*** RAW DATA ***

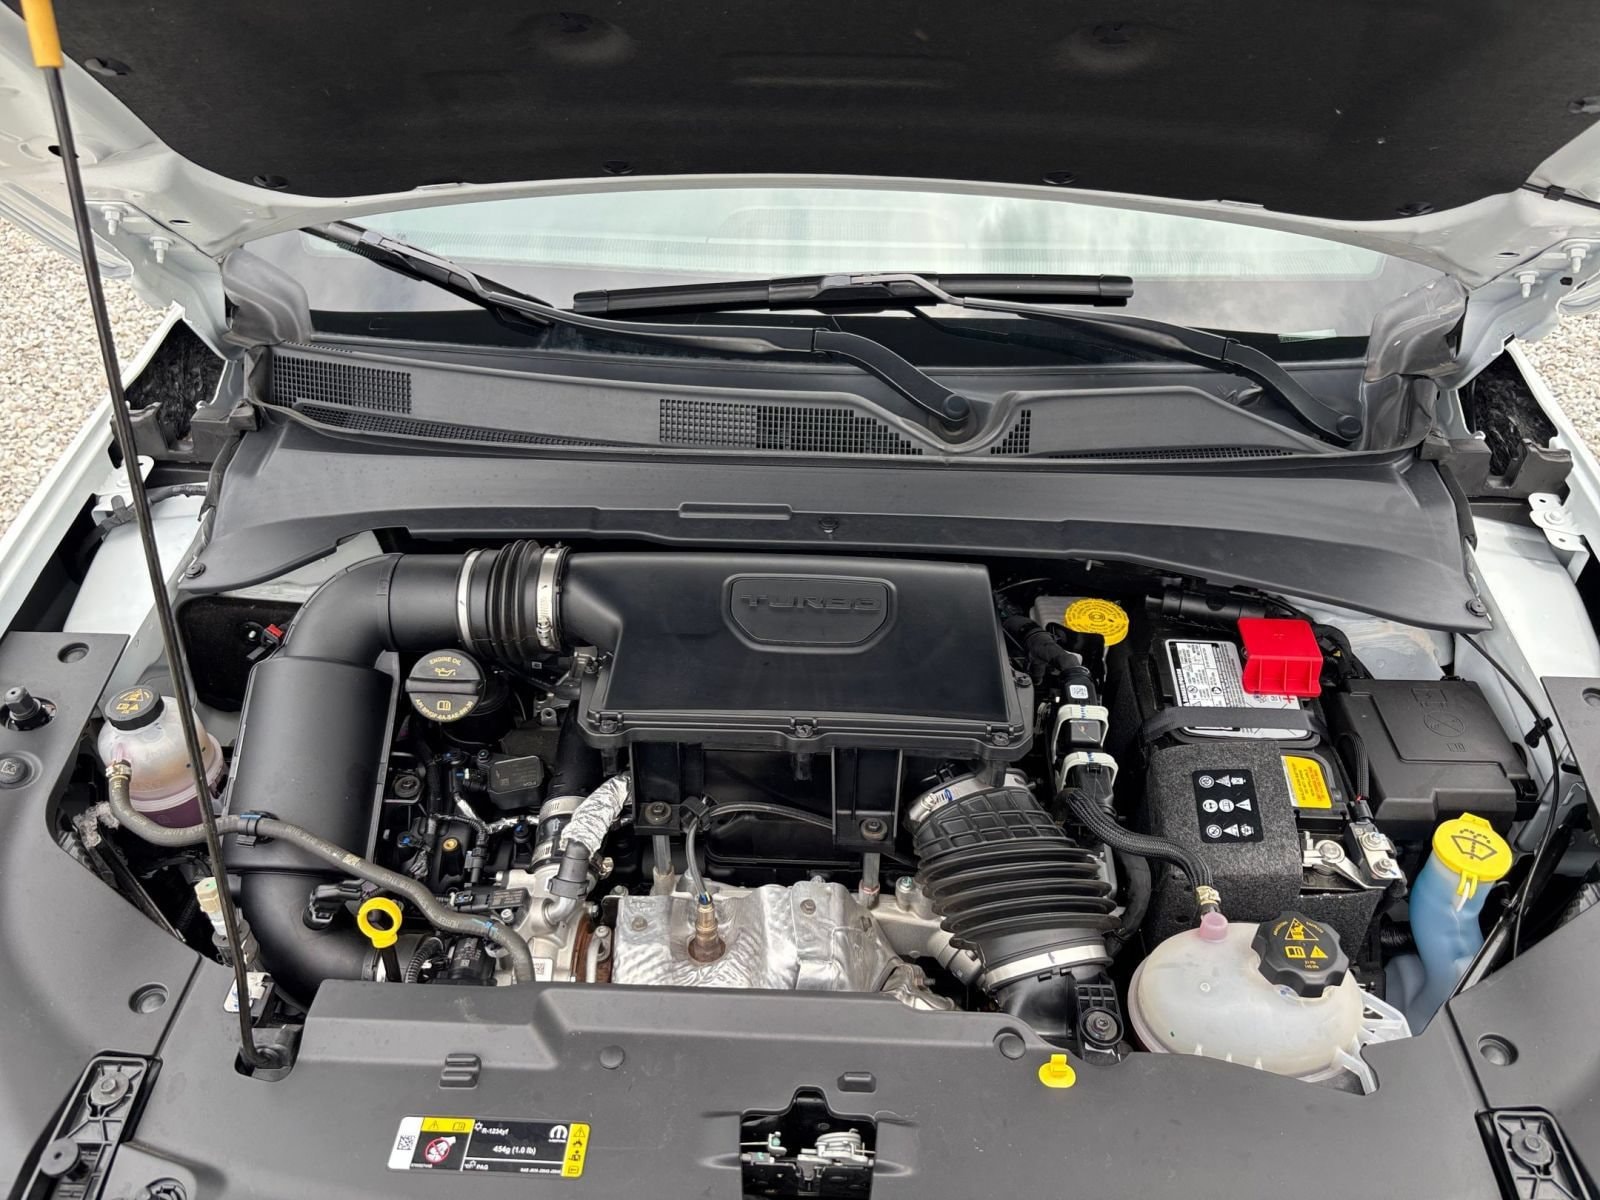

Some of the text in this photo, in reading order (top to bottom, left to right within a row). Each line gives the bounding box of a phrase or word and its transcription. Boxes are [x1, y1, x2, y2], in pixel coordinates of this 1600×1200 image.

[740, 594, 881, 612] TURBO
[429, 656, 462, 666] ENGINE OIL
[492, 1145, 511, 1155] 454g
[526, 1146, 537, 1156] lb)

*** End of RAW DATA ***

*YOUR INSTRUCTIONS:* Transcribe the material exactly, leaving every picture out.

*YOUR SOLUTION:*
Some of the text in this photo, in reading order (top to bottom, left to right within a row). Each line gives the bounding box of a phrase or word and its transcription. Boxes are [x1, y1, x2, y2], in pixel coordinates of this 1600×1200 image.

[740, 594, 881, 612] TURBO
[429, 656, 462, 666] ENGINE OIL
[492, 1145, 511, 1155] 454g
[526, 1146, 537, 1156] lb)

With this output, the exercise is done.